No big effect on migrants from last nights storms, different layout and also getting late in the month. Whatever, 48 hours ago we had a fallout of Blackburnians and others due to rain, last night not many at all. I was three hours in line taking the dog to the feed store Saturday Vet for shots this morning (social distance and alla that) but I did get out for about an hour.

Lucky day, I got one of these a female Golden-winged Warbler.... (bird photos lifted from the 'net).

[Linked Image from live.staticflickr.com]

Didn't make out the yellow cap but the yellow wing coverts and face pattern was a giveaway, hyperactive too, characteristic of the species. Coulda been some second or third generation backcross ergo no yellow cap on account of golden-wings are steadily disappearing, being genetically swamped and displaced by the closely related blue-winged warbler....
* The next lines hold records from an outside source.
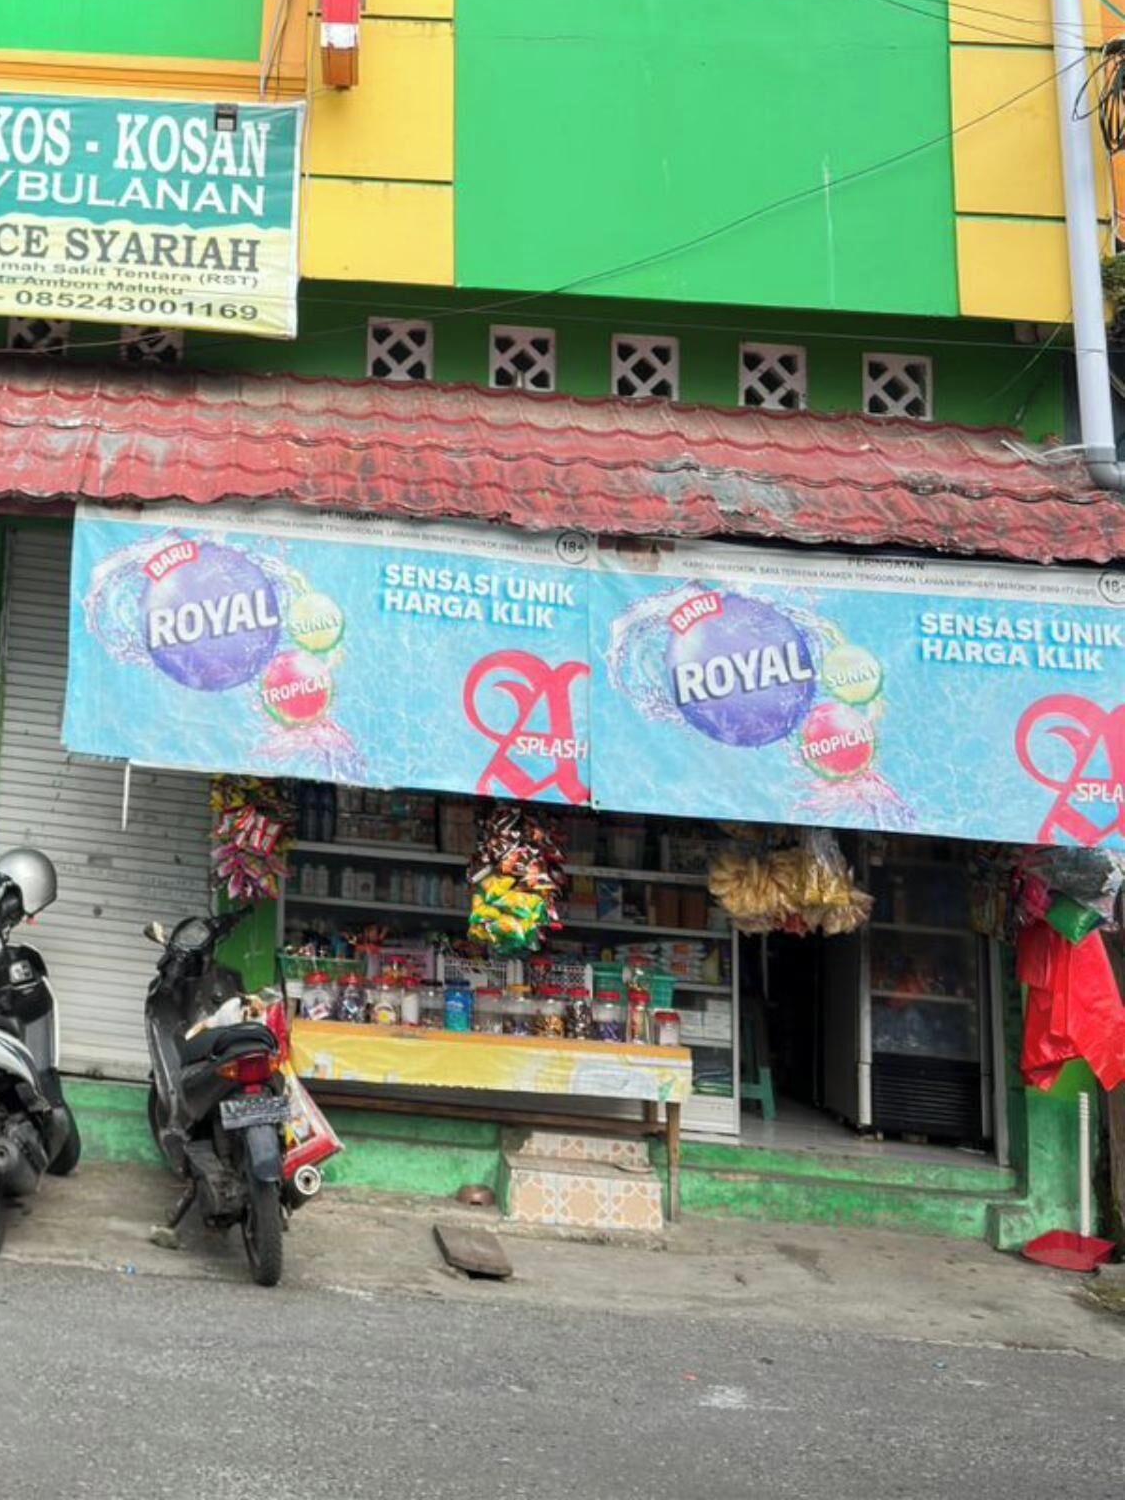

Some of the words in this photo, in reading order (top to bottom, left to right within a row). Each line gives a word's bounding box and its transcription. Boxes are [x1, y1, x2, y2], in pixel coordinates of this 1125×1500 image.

[85, 141, 99, 152] -
[113, 112, 270, 178] KOSAN
[65, 227, 262, 273] SYARIAH
[23, 274, 102, 291] Ambon
[107, 280, 185, 296] Maluku
[53, 262, 106, 277] Sakit
[112, 266, 192, 283] Tentara
[198, 273, 259, 289] (RST)
[14, 289, 259, 322] 085243001169
[148, 542, 194, 577] BARU
[562, 540, 585, 554] 18+
[385, 563, 500, 597] SENSASI
[507, 577, 576, 607] UNIK
[148, 589, 279, 649] ROYAL
[291, 613, 341, 636] SUNNY
[384, 590, 483, 622] HARGA
[492, 602, 555, 629] KLIK
[671, 596, 718, 631] BARU
[921, 612, 1042, 642] SENSASI
[1052, 620, 1125, 646] UNIK
[921, 638, 1030, 666] HARGA
[1039, 646, 1104, 671] KLIK
[260, 673, 332, 705] TROPICAL
[676, 642, 813, 704] ROYAL
[516, 735, 588, 759] SPLASH
[800, 724, 875, 760] TROPICAL
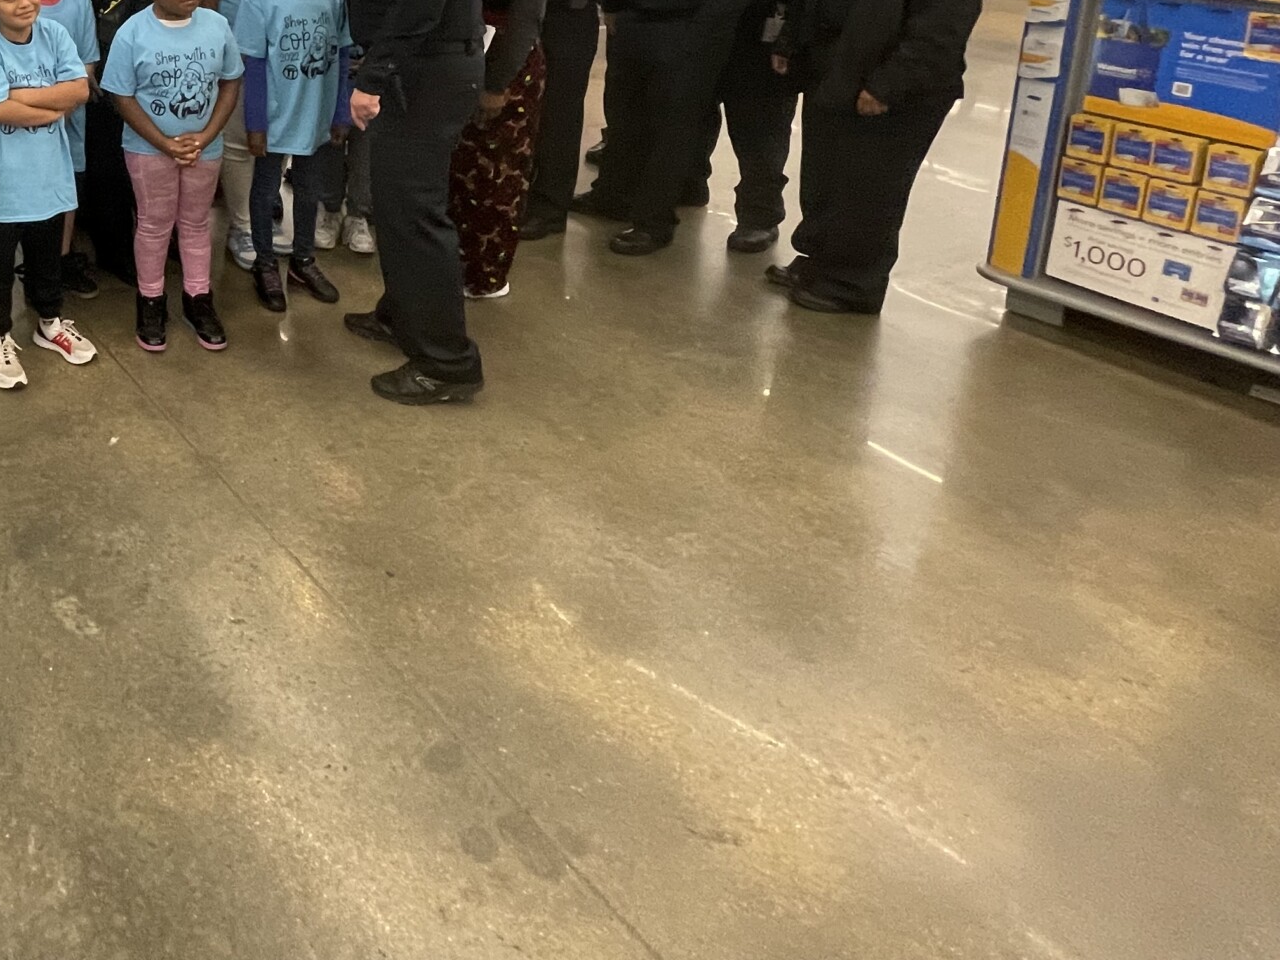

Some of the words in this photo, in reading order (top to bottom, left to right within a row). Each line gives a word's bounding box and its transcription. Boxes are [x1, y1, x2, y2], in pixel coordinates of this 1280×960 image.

[283, 15, 309, 31] Shop
[154, 50, 180, 68] Shop
[183, 46, 207, 61] with
[8, 68, 32, 87] Shop
[1064, 236, 1146, 278] $1,000
[Linked Image from live.staticflickr.com]


This here is what the male golden-wing looks like....

[Linked Image from live.staticflickr.com]

Both inhabit early successional brush and forest edges so both benefited enormously from the clearing of the original forests, both have a generally similar buzzy song and female golden-wings especially will mate with male blue-wings but it happens the other way too. This hybridization in both directions has been going on so long that the two main hybrid types were considered species in their own right back in the days.
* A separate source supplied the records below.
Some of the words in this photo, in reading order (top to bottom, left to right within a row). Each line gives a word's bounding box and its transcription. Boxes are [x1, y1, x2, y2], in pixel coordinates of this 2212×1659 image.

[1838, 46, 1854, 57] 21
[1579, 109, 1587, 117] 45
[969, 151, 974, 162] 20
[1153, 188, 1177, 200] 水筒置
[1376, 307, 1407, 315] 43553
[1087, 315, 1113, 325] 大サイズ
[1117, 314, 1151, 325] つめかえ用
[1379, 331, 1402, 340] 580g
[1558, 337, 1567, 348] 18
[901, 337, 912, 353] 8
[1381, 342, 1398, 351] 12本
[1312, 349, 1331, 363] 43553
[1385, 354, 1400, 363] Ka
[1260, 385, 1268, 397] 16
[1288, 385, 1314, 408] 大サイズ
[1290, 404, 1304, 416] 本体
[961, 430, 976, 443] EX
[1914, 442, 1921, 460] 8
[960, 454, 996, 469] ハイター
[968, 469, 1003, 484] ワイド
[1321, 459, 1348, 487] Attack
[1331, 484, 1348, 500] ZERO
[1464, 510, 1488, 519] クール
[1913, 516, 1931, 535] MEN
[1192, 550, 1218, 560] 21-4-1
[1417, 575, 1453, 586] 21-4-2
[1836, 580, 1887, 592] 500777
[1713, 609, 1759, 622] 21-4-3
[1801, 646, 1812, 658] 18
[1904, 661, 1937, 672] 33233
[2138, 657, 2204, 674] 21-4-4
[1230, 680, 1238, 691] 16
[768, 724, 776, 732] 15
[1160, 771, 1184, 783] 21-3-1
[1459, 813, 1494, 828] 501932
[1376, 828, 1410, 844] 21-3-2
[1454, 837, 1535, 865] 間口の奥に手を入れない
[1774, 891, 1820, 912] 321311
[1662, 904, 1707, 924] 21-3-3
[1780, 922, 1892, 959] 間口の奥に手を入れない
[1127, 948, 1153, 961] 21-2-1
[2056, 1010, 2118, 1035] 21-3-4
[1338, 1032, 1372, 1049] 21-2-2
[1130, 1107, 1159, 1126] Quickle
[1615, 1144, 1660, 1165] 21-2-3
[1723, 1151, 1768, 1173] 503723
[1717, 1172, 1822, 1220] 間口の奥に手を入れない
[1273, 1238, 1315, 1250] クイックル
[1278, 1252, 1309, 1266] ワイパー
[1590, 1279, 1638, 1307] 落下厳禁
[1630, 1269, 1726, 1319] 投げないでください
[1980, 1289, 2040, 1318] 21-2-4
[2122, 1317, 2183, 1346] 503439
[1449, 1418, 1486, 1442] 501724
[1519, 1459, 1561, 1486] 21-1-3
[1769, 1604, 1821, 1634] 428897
[Linked Image from live.staticflickr.com]

Same pic from earlier of the Hudson Highlands maybe thirty miles upriver from Manhattan....
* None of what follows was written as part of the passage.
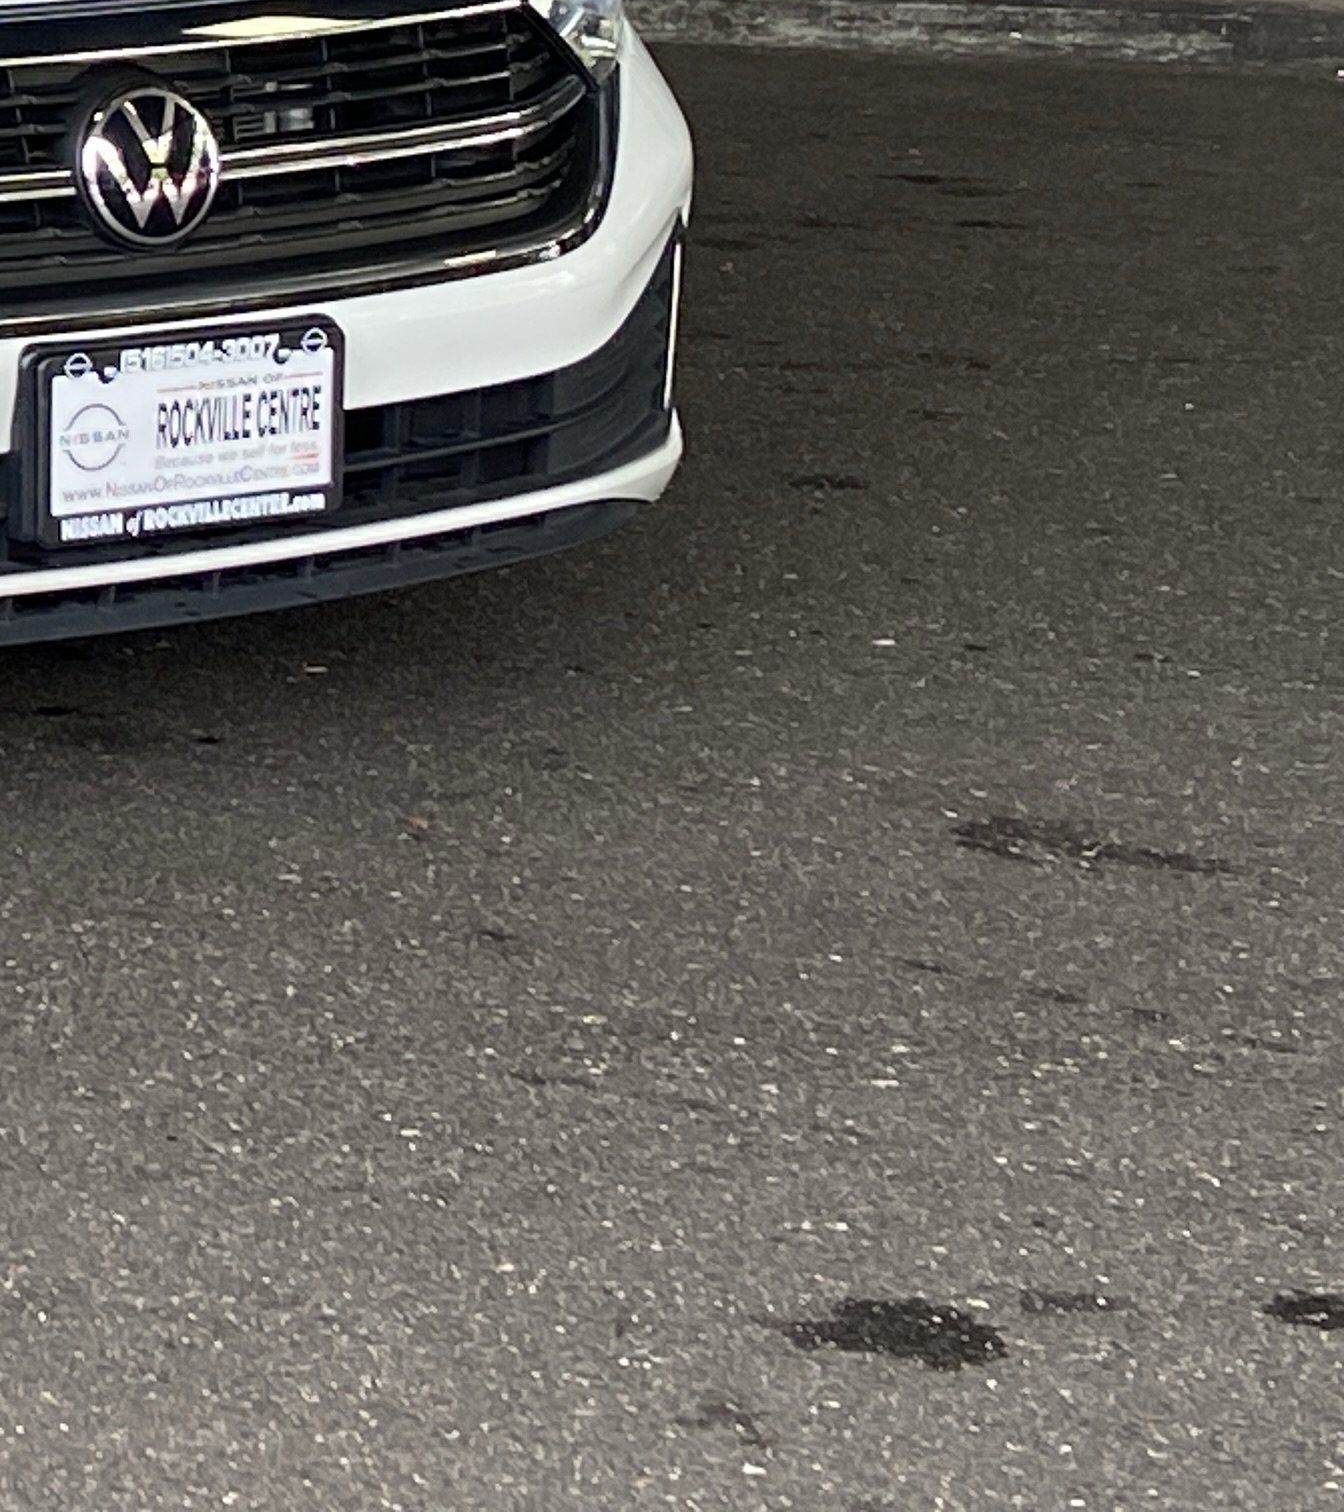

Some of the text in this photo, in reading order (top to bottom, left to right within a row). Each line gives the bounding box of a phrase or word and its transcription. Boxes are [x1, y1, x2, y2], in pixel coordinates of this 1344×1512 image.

[Linked Image from live.staticflickr.com]

Back in the seventies, golden-wings were common in that area, blue-wings have since gradually spread up from the south and then swamped and gradually replaced the local golden-wing population. Maybe fifteen years back there was a locally famous among birders singing male Lawrences hybrid type visible from a road on West Point maybe five miles from that photo, two or three years in a row. He got lucky and found mates, blue-winged females, but he was the last half-breed of a disappearing breed.

The few places golden-wings are so far holding steady are in the northern edges of their range, mostly up in Canada, but its getting to be an occasion down here to find one.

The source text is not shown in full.